## WORK INSTRUCTION
It would help if you retyped the data exactly, leaving out the pictures.

───── RECORD EXTRACTS

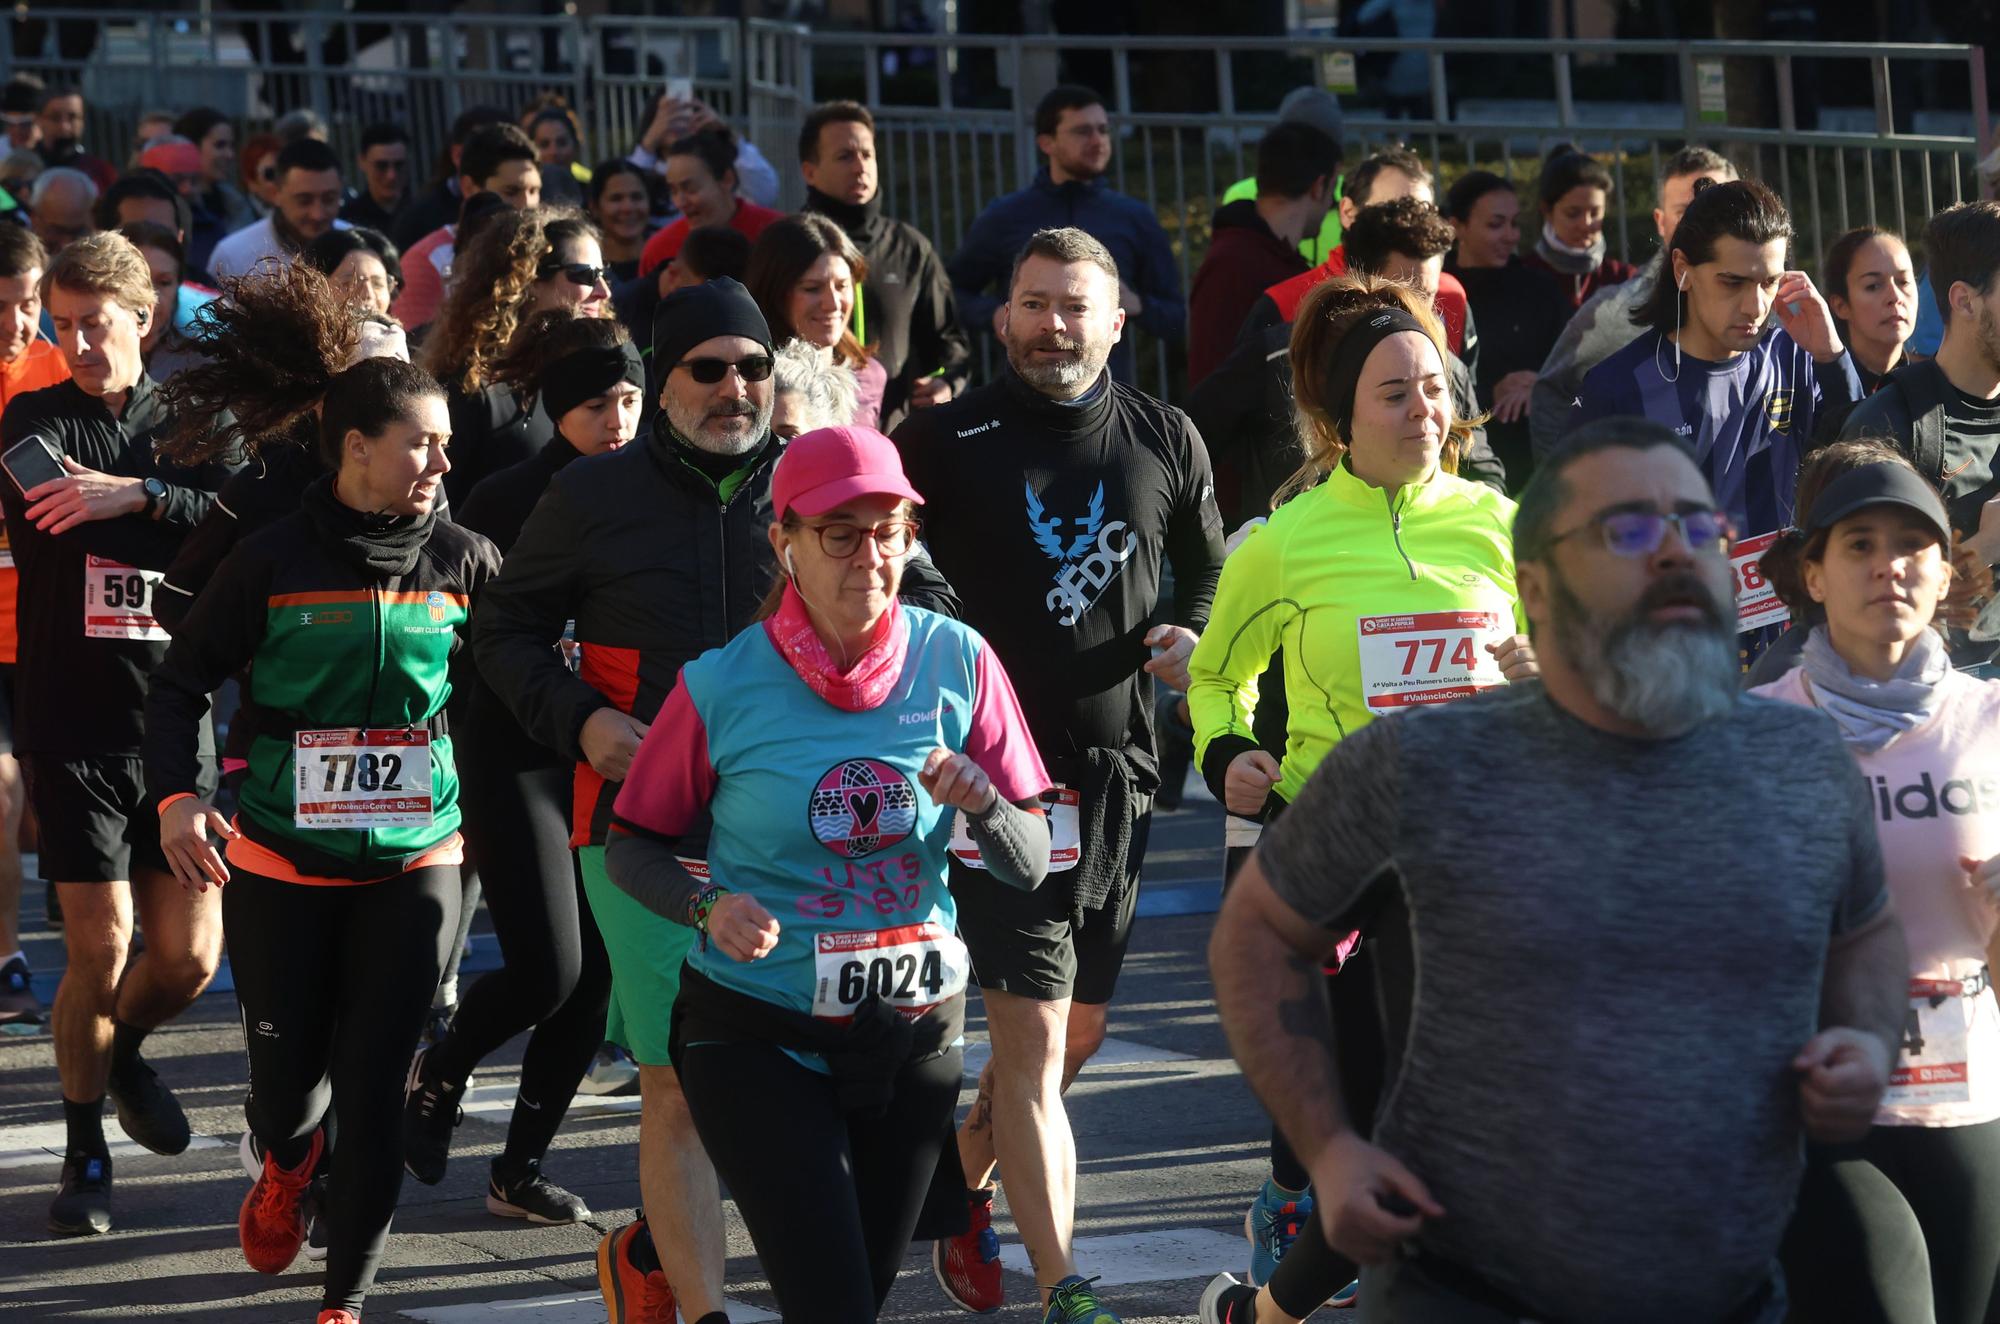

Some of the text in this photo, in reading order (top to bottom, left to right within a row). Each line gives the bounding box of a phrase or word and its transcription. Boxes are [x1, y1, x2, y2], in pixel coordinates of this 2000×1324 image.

[957, 422, 990, 438] luanvi
[1046, 520, 1137, 627] 3FDC
[1395, 637, 1478, 676] 774
[1403, 690, 1471, 702] #ValènciaCorre
[898, 708, 943, 725] FLOWE
[320, 753, 403, 792] 7782
[331, 801, 392, 811] #ValènciaCorre
[838, 950, 944, 1005] 6024

──────────

## TASK ANSWER
Some of the text in this photo, in reading order (top to bottom, left to right within a row). Each line gives the bounding box of a phrase or word and its transcription. Boxes are [x1, y1, x2, y2], in pixel coordinates of this 2000×1324 image.

[957, 422, 990, 438] luanvi
[1046, 520, 1137, 627] 3FDC
[1395, 637, 1478, 676] 774
[1403, 690, 1471, 702] #ValènciaCorre
[898, 708, 943, 725] FLOWE
[320, 753, 403, 792] 7782
[331, 801, 392, 811] #ValènciaCorre
[838, 950, 944, 1005] 6024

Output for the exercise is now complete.